“There is nothing on this earth to be prized more than true friendship.” – Thomas Aquinas
“It is one of the blessings of old friends that you can afford to be stupid with them.,” – Ralph Waldo Emerson
Required Sleep Catch Up on Tuesday
The text from my friend Kim, whom I met 39 years ago, simply said: What are you doing this weekend?
My immediate reply was: Hopefully spending it with you. And then the telephone rang, and while we talked, she booked a cheap flight from Ogden, Utah, to Phoenix. I was more than happy to drive the two hours to the airport to pick her up.

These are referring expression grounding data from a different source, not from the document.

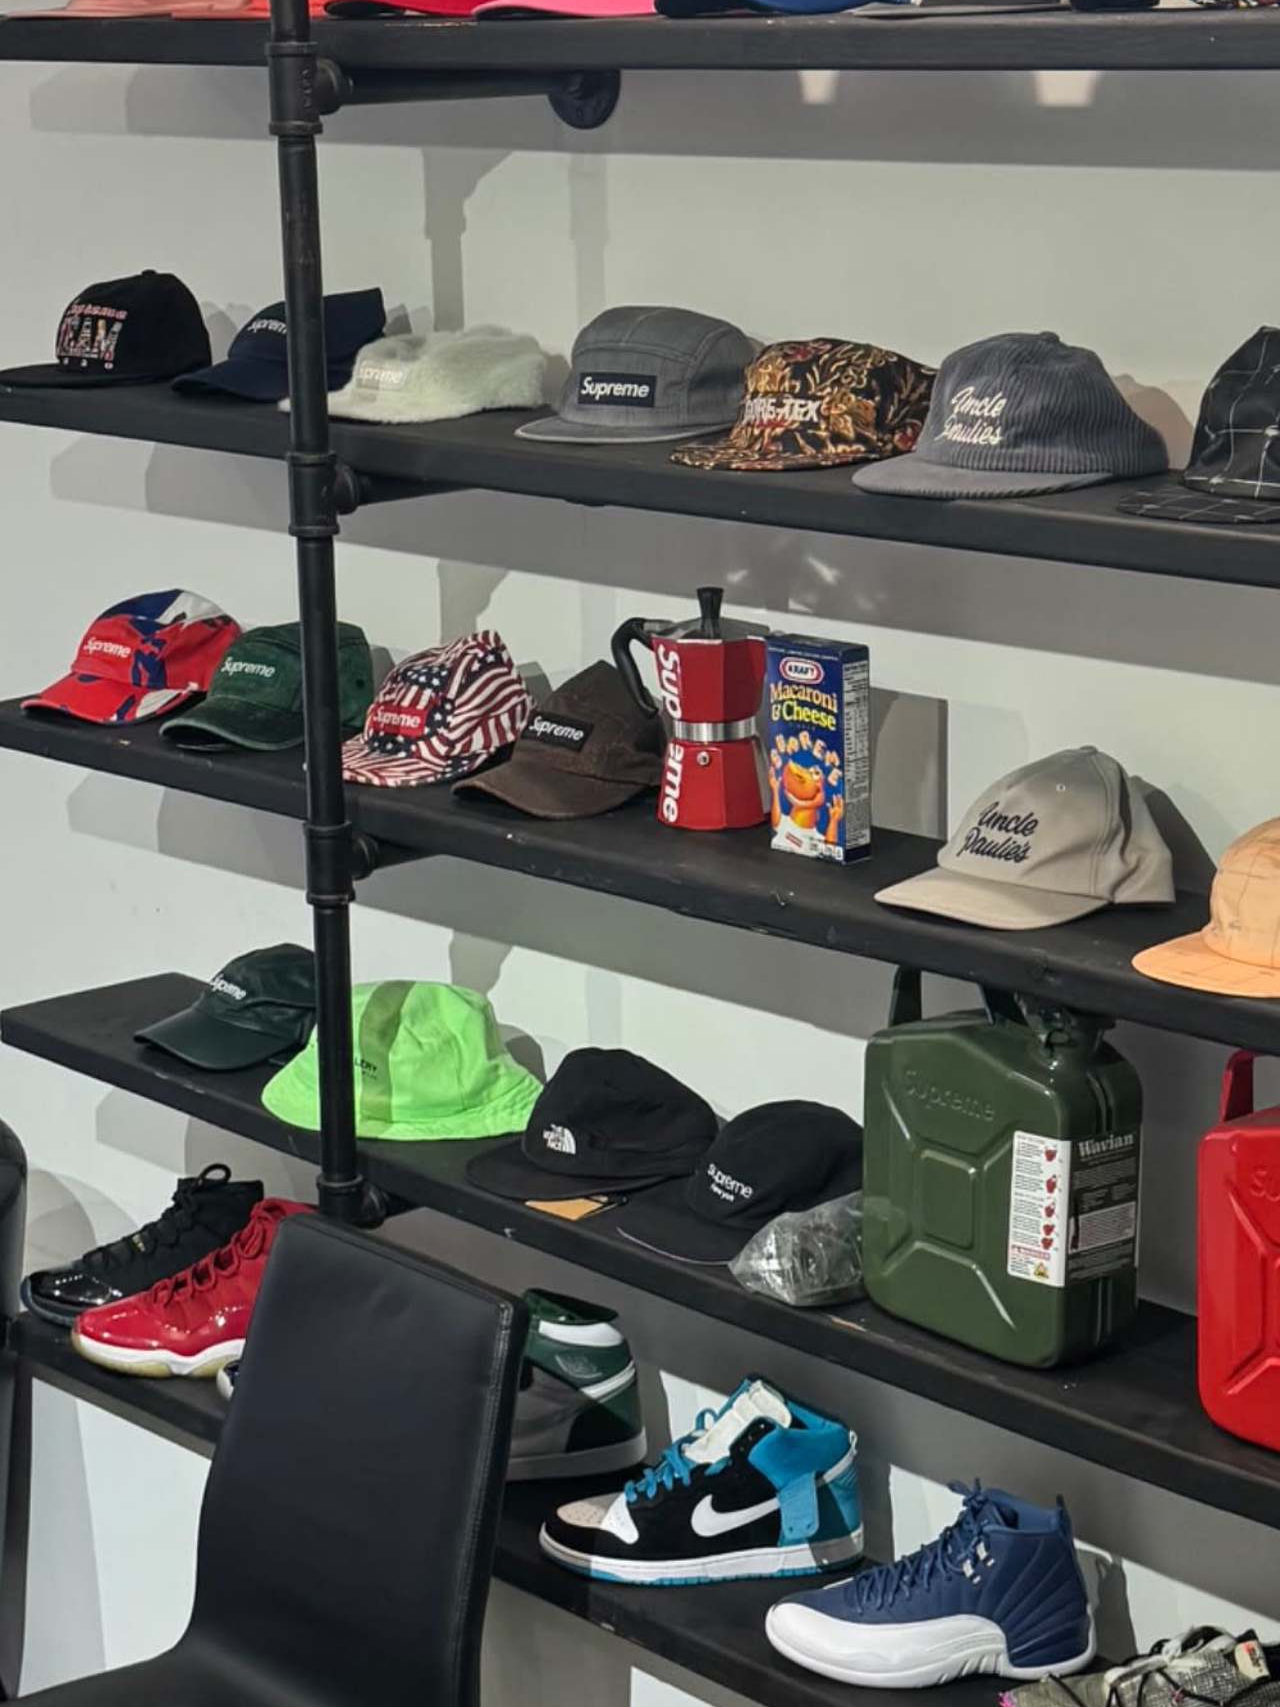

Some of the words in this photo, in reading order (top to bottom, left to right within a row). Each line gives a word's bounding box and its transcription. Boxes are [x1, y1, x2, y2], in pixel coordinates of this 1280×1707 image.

[580, 376, 650, 401] Supreme
[84, 636, 132, 659] Supreme
[221, 656, 276, 678] Supreme
[770, 680, 838, 714] Macaroni
[373, 706, 421, 730] Supreme
[782, 699, 837, 731] Cheese
[528, 715, 585, 742] Supreme
[978, 801, 1039, 837] Uncle
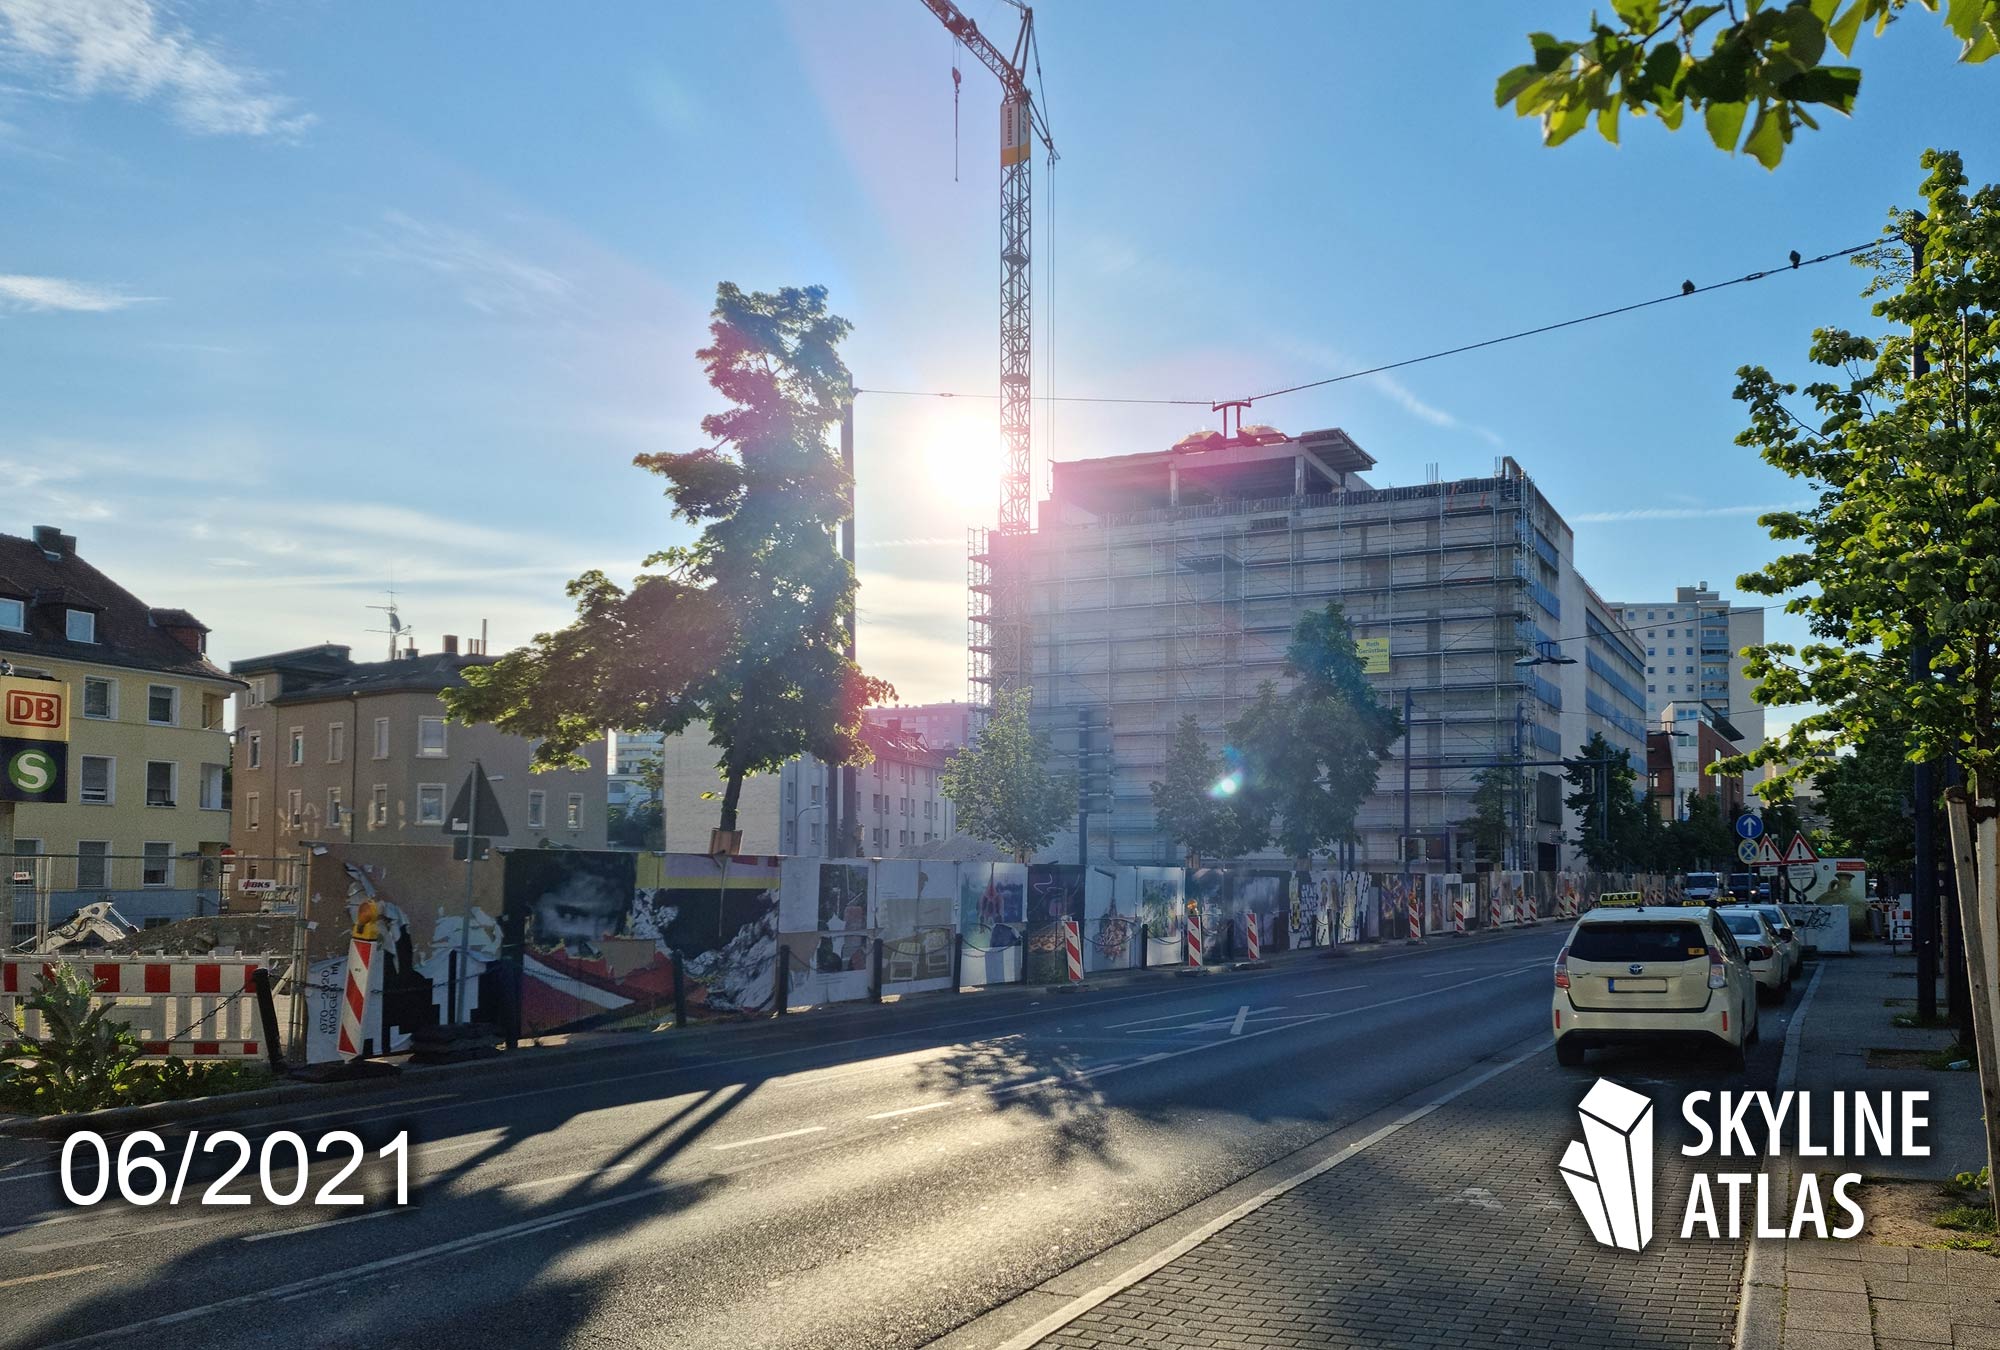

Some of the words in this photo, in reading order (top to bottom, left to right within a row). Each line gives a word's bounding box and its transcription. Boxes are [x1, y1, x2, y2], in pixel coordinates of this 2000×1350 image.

[13, 695, 55, 722] DB
[17, 753, 48, 789] S
[1606, 892, 1635, 901] TAXI

Kim and I were work colleagues; rafting and hiking buddies; travel companions (including a 16-day African Safari); and adventure cohorts. One of our best escapades was sky-diving on my 70th birthday, and another was an all-day unpaved, muddy road trip up Nine Mile Canyon in which we got lost, and had to scrape mud off the headlights of her new four-wheel-drive SUV to see to get back down the canyon. We finally made it back to town at midnight– starving. We also climbed to the top of Angel’s Landing in Zion during a snowstorm one year.
This past weekend, Kim got my lazy butt out of my armchair, and up to Kitt Peak National Observatory, followed by dinner at my youngest daughter’s new home in Tucson. Kim knew Trish from when I first started working at the Standard-Examiner newspaper in December of 1979. Back then, my daughter was a rebellious teenager, and I would vent loudly about her occasionally at work. For my part, I watched Kim’s son go from diapers to fatherhood, and today claim him as one of my own.

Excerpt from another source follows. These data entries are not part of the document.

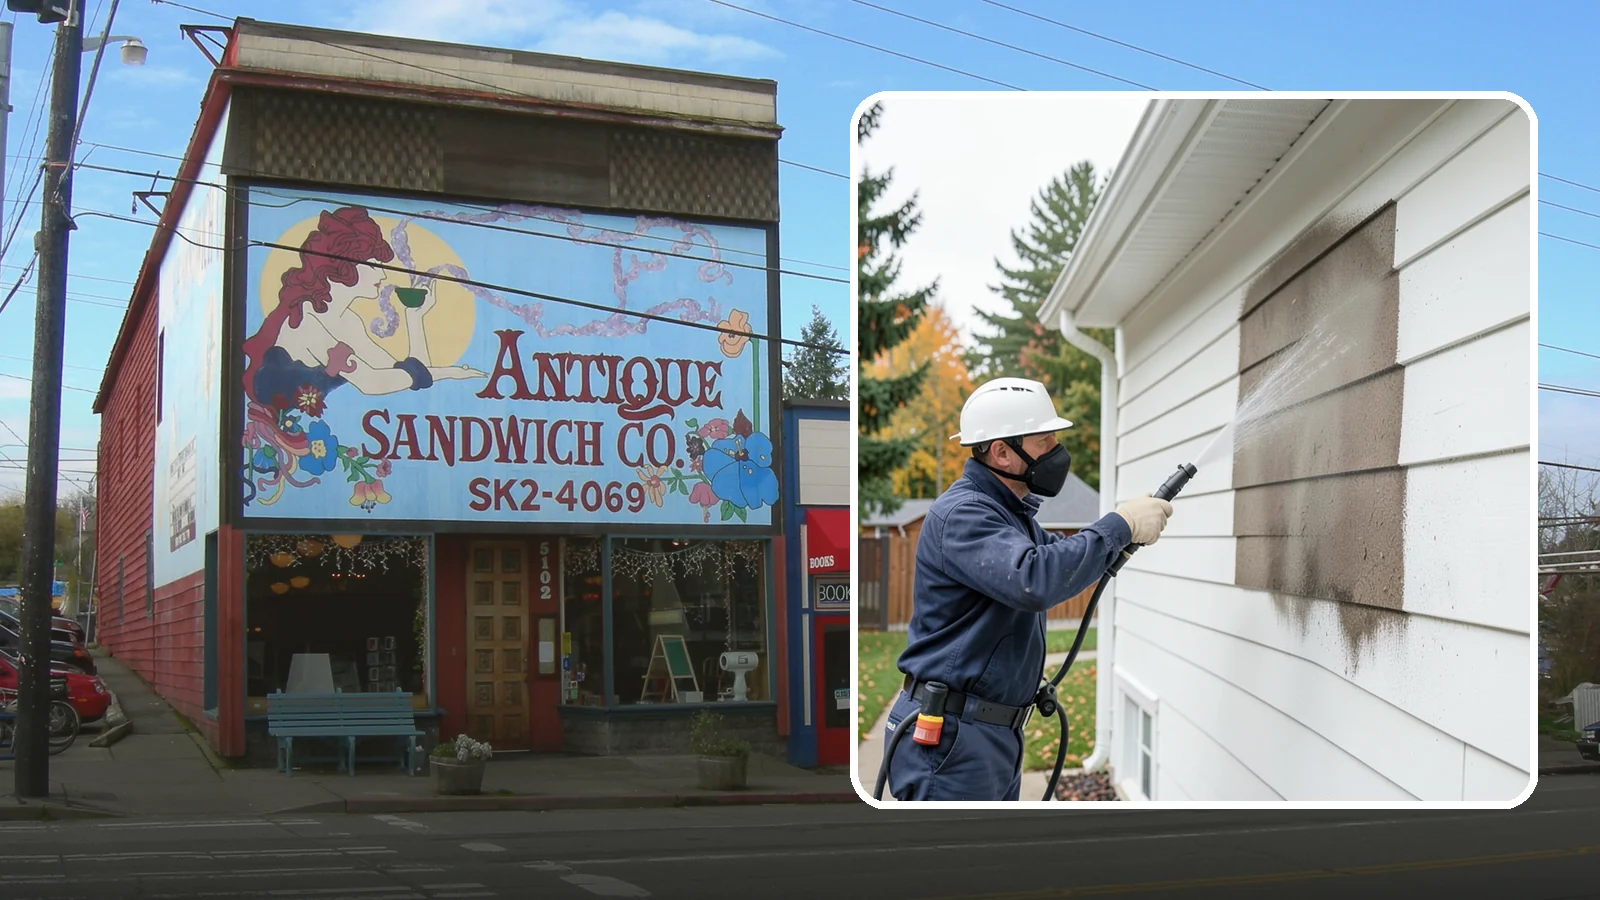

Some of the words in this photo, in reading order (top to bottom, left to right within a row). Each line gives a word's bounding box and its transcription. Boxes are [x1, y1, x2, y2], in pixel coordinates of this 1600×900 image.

[475, 328, 723, 421] ANTIQUE
[362, 409, 605, 467] SANDWICH
[617, 422, 686, 468] CO.
[468, 477, 645, 514] SK2-4069
[540, 542, 553, 600] 5102
[809, 555, 835, 569] BOOKS

Kim first came into my life when I was a fairly new single parent, and beginning to try out my unbound wings for the first time. It was a surprise to both of us that we became friends and adventure partners. But the joke between us eventually became that we would always have to be friends as we knew where each other’s skeletons were buried.
Anyway, Kim’s second day here in Tucson, we drove through Saguaro National Park, which is right next door to where I live – but which I hadn’t yet visited. Then we took in a show, “The Vampire,” at the Gaslight Theater, which had both of us roaring with laughter. There were also a couple of 3 a.m. nights in which Kim and I sat up talking and sipping Jack and Cokes.
By the time I got back home from taking her to the airport on Monday, I was pooped – but feeling mightily blessed for having, and keeping, despite time and distance, such a good friend.
And that was my weekend. I hope everyone else had as good of a one.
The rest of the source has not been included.